The world's second-largest online retailer is losing ground to the cutthroat web tycoons hell-bent for his customers. No matter. Michael Otto, patriarch of one of Europe's richest families (they own the likes of Crate & Barrel), would rather lose with class than compromise his values

Published: Apr 2, 2014 06:21:31 AM IST
Updated: Apr 2, 2014 12:04:51 PM IST
Otto vs Amazon: A Struggle to Keep Customers, and Values
Image: Wolfgang Wilde for Forbes

Michael Otto’s family has been as omnipresent in German post-war retail as Walmart, Sears and Target have in the US. So what does this 70-year-old patriarch of this $18 billion clan most want to talk about? A factory in Bangladesh.

With gusto he describes how he and Nobel Peace Prize-winner Muhammad Yunus hatched a plan to build a humane clothing factory, where all profits would go back into the community for schools and hospitals. At best, the Otto Group would recoup its initial investment. Immediately they faced red tape. Electricity would take five years. Officials wanted bribes. Otto refused to base a social business on a corrupt footing and walked away. “It’s unbelievable,” says Otto, pounding on his wooden desk in his corner office in Hamburg, Germany. “You would think the government must be happy somebody is building such a company and leaving the money in the country.”
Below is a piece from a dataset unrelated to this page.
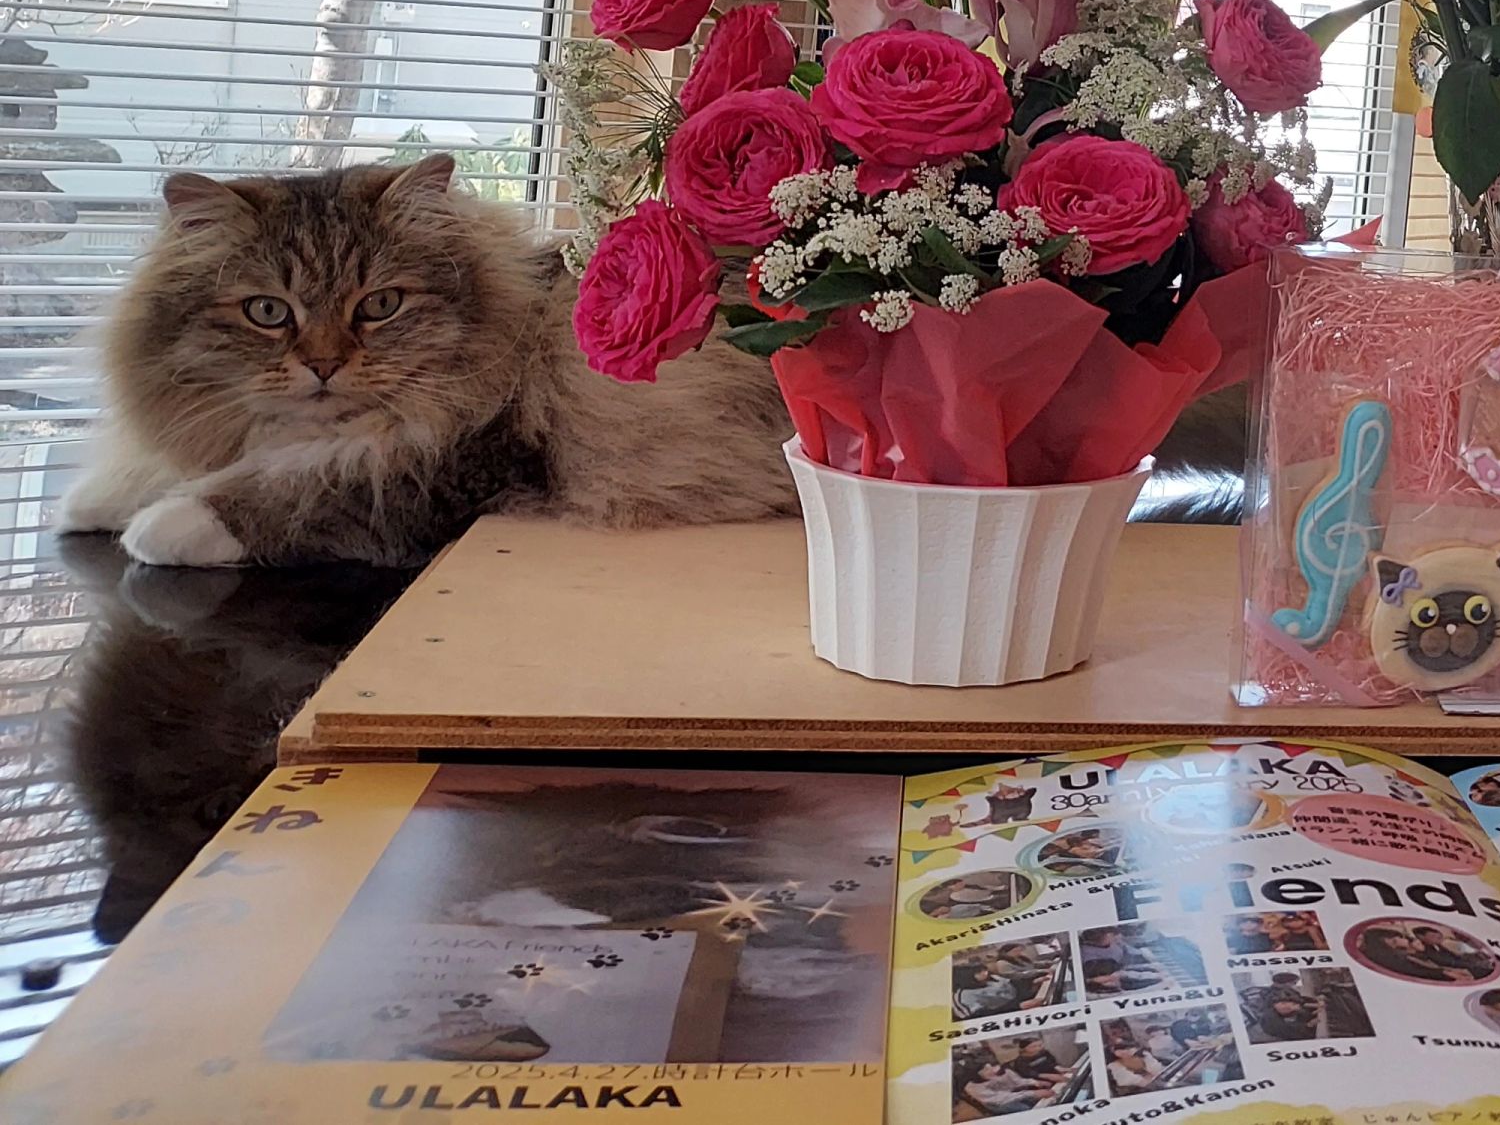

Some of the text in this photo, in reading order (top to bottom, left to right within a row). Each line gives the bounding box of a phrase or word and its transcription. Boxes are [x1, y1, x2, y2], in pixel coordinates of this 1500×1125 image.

And then the man with the crown of white hair and piercing blue eyes stops, composes himself and apologises for banging on the table: “It is extremely seldom that I bang on the table, because I think it must be possible to solve problems in a very human and civilised way.”

Human and civilised. That’s the Otto Group, which encompasses 123 companies (including America’s Crate & Barrel) across 20 countries and expects revenue for the fiscal year ending in February to top $16.4 billion. Germans covet jobs with the firm. Its workers have never led a strike against the company, which instructs its managers not to work weekends or holidays. “The increase in burnouts is a problem because people are always on and they are always reacting,” says Otto. “It is so important to relax.”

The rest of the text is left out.